After graduating from Thomas Jefferson High School in Council Bluffs in 1964, he joined the Marine Corps. During the same year, his father was arrested for molesting a 12-year-old girl, and subsequently committed suicide while awaiting trial. A few years later, in 1967 or 1968, Rhoades was dishonorably discharged from the military for his involvement in a robbery.

After his dishonorable discharge from the Marines at some time in the late 1960s, he attended college but dropped out. He later attempted to join a law enforcement agency, but was likely rejected for his past dishonorable discharge from the Marine Corps. Throughout the 1970s and 1980s Rhoades married three times, having a son with his first wife. Subsequently, he found work in stores, supermarkets, warehouses and restaurants. Eventually, he became a long haul trucker. 

During the 1980s, Rhoades developed interests and hobbies, amongst which included involving himself in the BDSM scene. It was also during this time he allegedly verbally, physically and sexually abused his third wife, Deborah Rhoades.

Murders 
Rhoades preyed on hitchhikers and truckstop sex workers, starting in the 1970s. 

His first confirmed victims were Patricia Candace Walsh and her husband, Douglas Zyskowski, in January 1990. The couple were hitchhiking when Rhoades picked them up in his truck while on a long-haul journey. He immediately killed Zyskowski and dumped his body in Sutton County, Texas, where it was later found. He was not identified until 1992. He kept Walsh for over a week. During this time, he tortured and raped her numerous times before dumping her body in Millard County, Utah. 

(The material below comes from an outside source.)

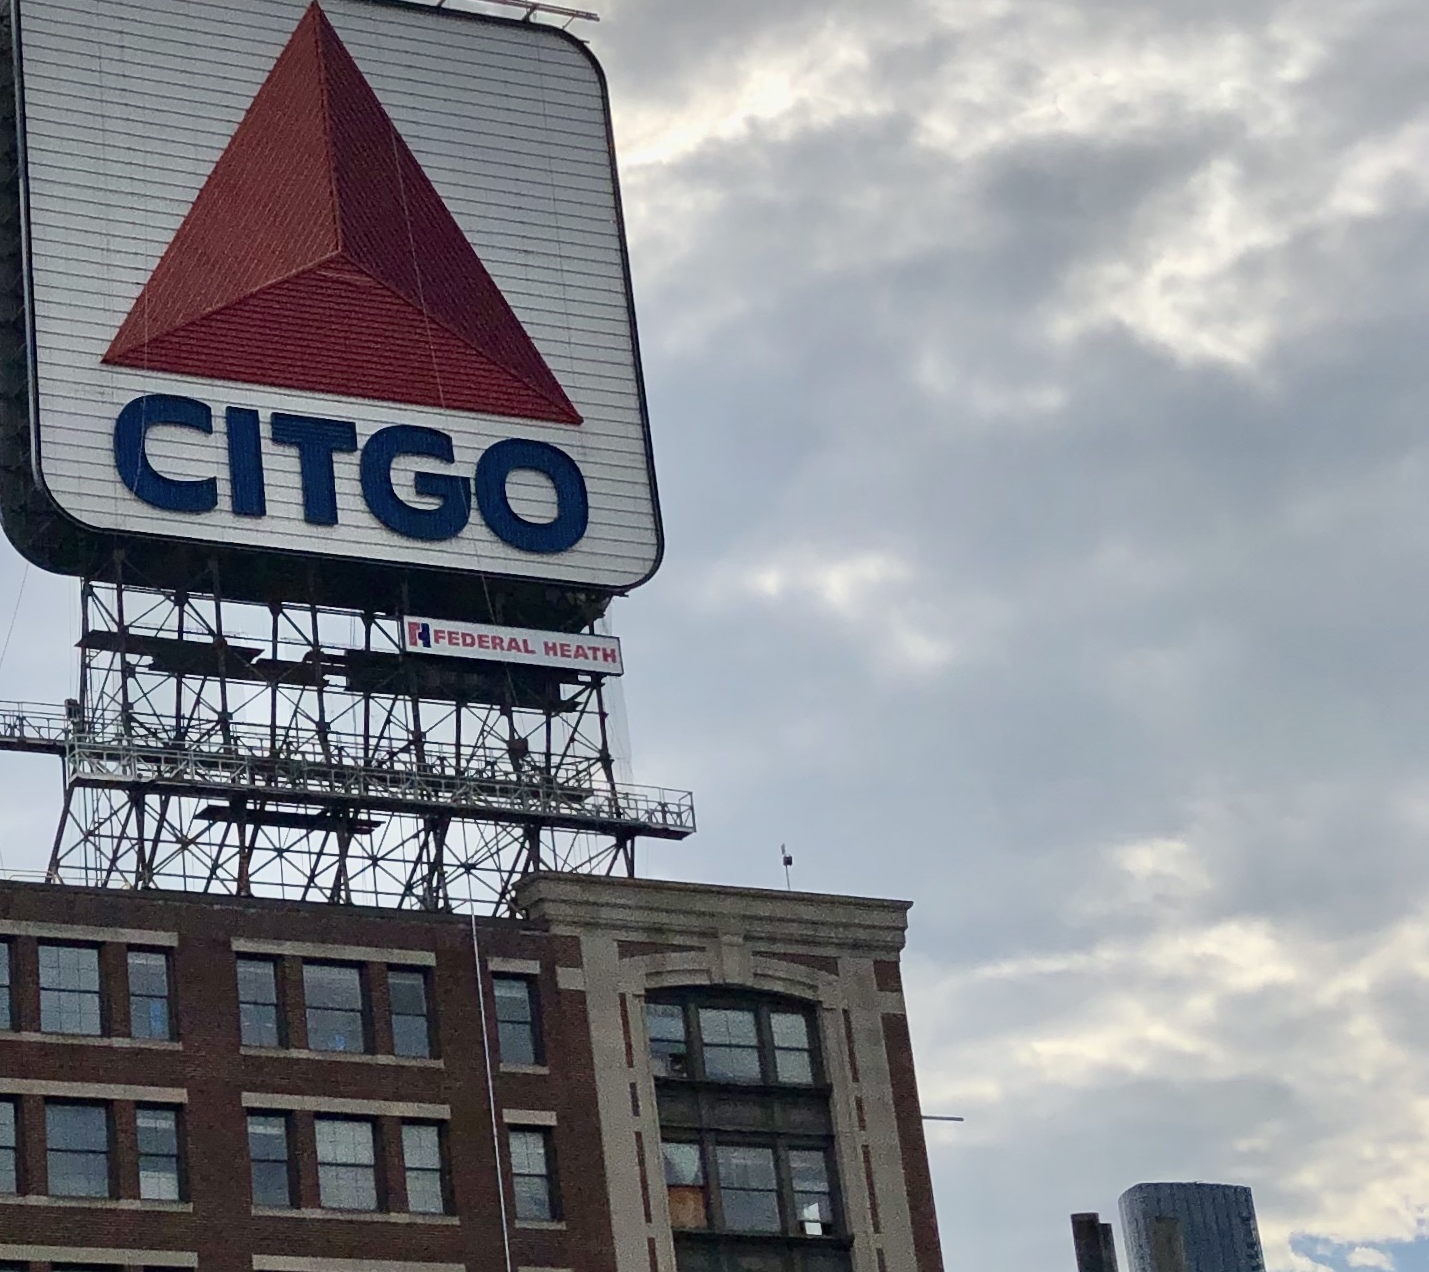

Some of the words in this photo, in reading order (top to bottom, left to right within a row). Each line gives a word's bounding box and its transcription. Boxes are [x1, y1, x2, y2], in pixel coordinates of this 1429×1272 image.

[113, 393, 589, 554] CITGO
[433, 628, 537, 655] FEDERAL
[543, 640, 617, 664] HEATH

Almost a month after Walsh's death, he abducted an 18-year-old victim, Shana Holts, who escaped and informed police. When Rhoades was detained, the victim declined to press charges, feeling that she would not be believed despite extensive evidence. In her statement to police she said that "I don't see any good in filing charges. It's just going to be my word against his. If there was any evidence, I would file. I would file charges and sue him." 

It was later asserted that she was fearful of Rhoades after enduring two weeks in his truck. Rhoades had converted the sleeper cab of his truck into his own personal torture chamber where he kept women, sometimes for weeks, torturing and raping them.

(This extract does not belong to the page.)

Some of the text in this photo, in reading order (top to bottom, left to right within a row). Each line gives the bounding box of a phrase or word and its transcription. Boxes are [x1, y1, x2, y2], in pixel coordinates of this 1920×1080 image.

Regina Kay Walters, 14, was found nude and badly decomposed, on September 29, 1990, in the loft of an abandoned barn near Greenville. She had been missing since February 3, 1990, when she ran away from her home in Pasadena with her boyfriend, Ricky Lee Jones, 20. An autopsy revealed she had been strangled to death sometime in early March. A photograph of Walters being tortured was found in the home of Rhoades.

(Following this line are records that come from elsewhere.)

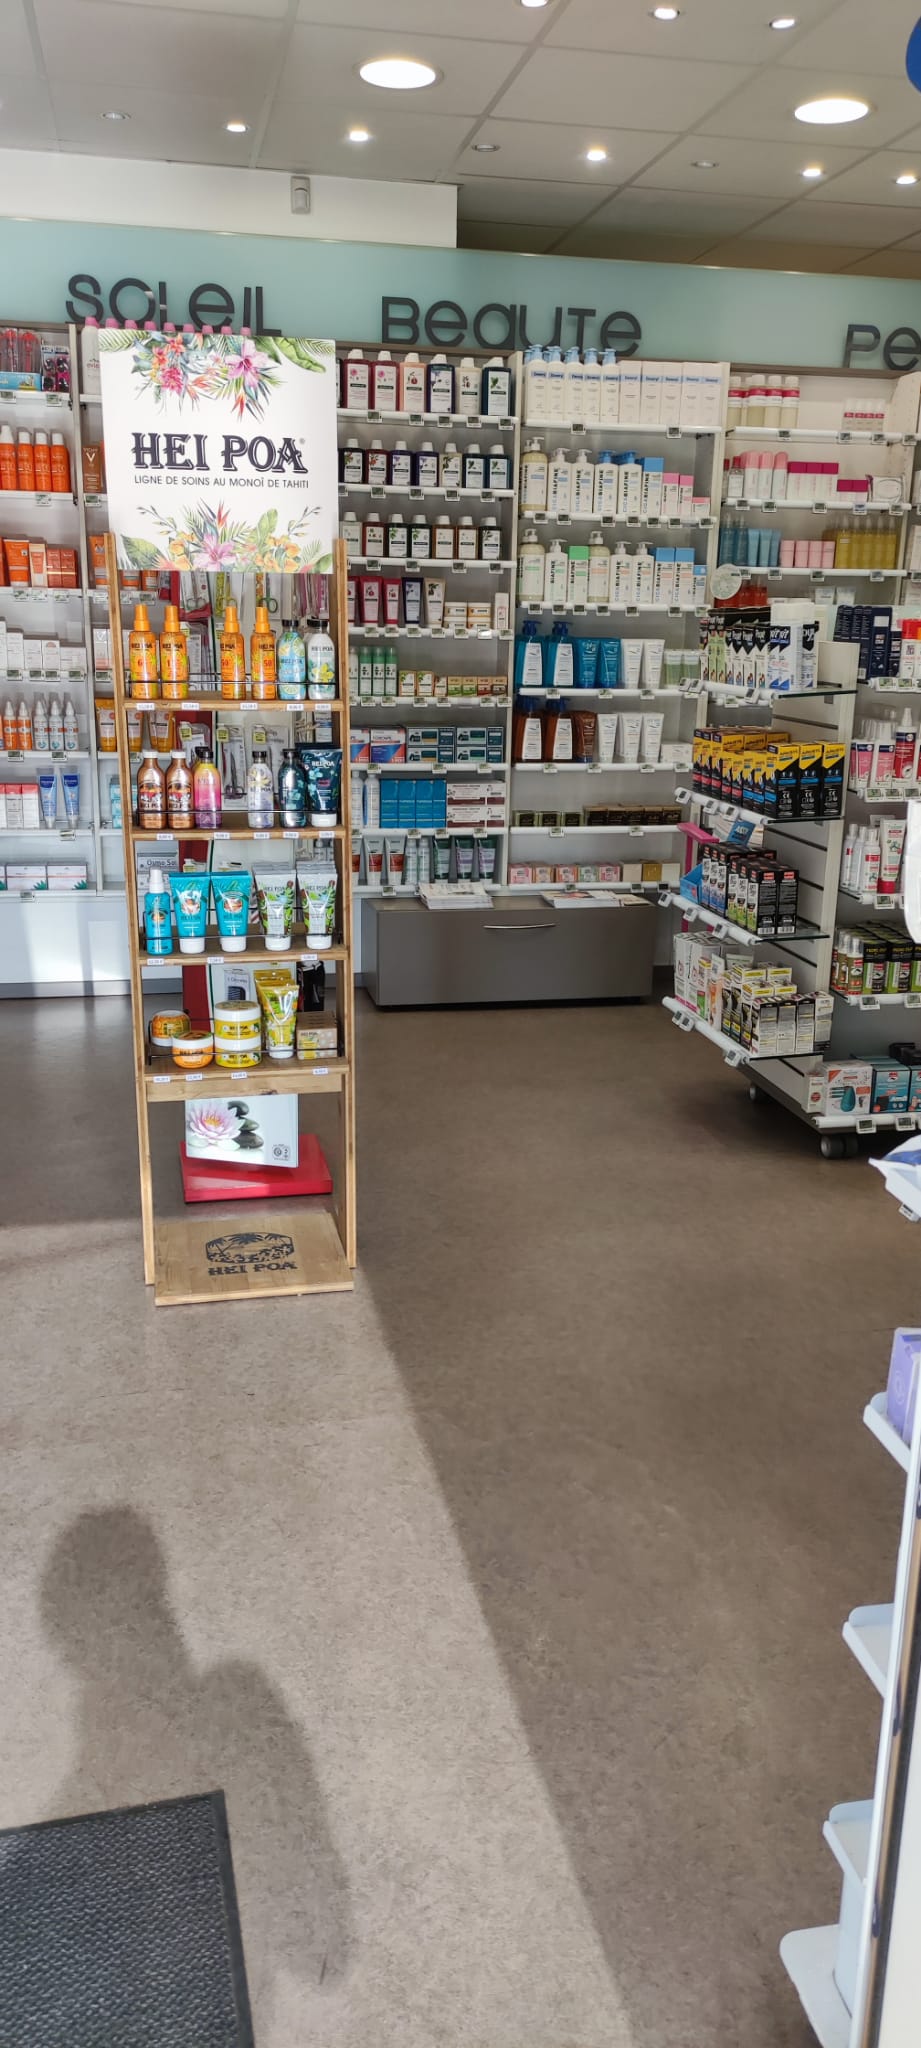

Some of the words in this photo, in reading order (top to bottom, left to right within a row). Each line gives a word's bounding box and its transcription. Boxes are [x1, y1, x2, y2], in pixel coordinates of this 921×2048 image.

[131, 432, 210, 471] HEI
[221, 435, 309, 474] POA
[134, 475, 163, 485] LIGNE
[165, 476, 178, 485] DE
[181, 476, 210, 486] SOINS
[213, 477, 226, 487] AU
[229, 477, 264, 488] MONOÏ
[267, 479, 280, 488] DE
[282, 479, 309, 489] TAHITI
[208, 1264, 248, 1276] HEI
[253, 1262, 299, 1272] POA

On May 26, 1990, the partial skeleton of Ricky Lee Jones was found near Harleton. He had been shot in the head.

In the early morning of April 1, 1990, Trooper Mike Miller of the Arizona Highway Patrol found a truck with its hazard lights on at the side of I-10 near Casa Grande, Arizona. When he investigated inside the cab, he discovered a nude woman, later identified as Kathleen Vine, handcuffed and screaming. There was also a male present who identified himself as the driver of the truck. After failing to talk his way out of the situation, Rhoades turned over a gun which had been on his person. He was arrested and charged with aggravated assault, sexual assault, and unlawful imprisonment. He was left handcuffed in Miller's patrol car, but nearly escaped. 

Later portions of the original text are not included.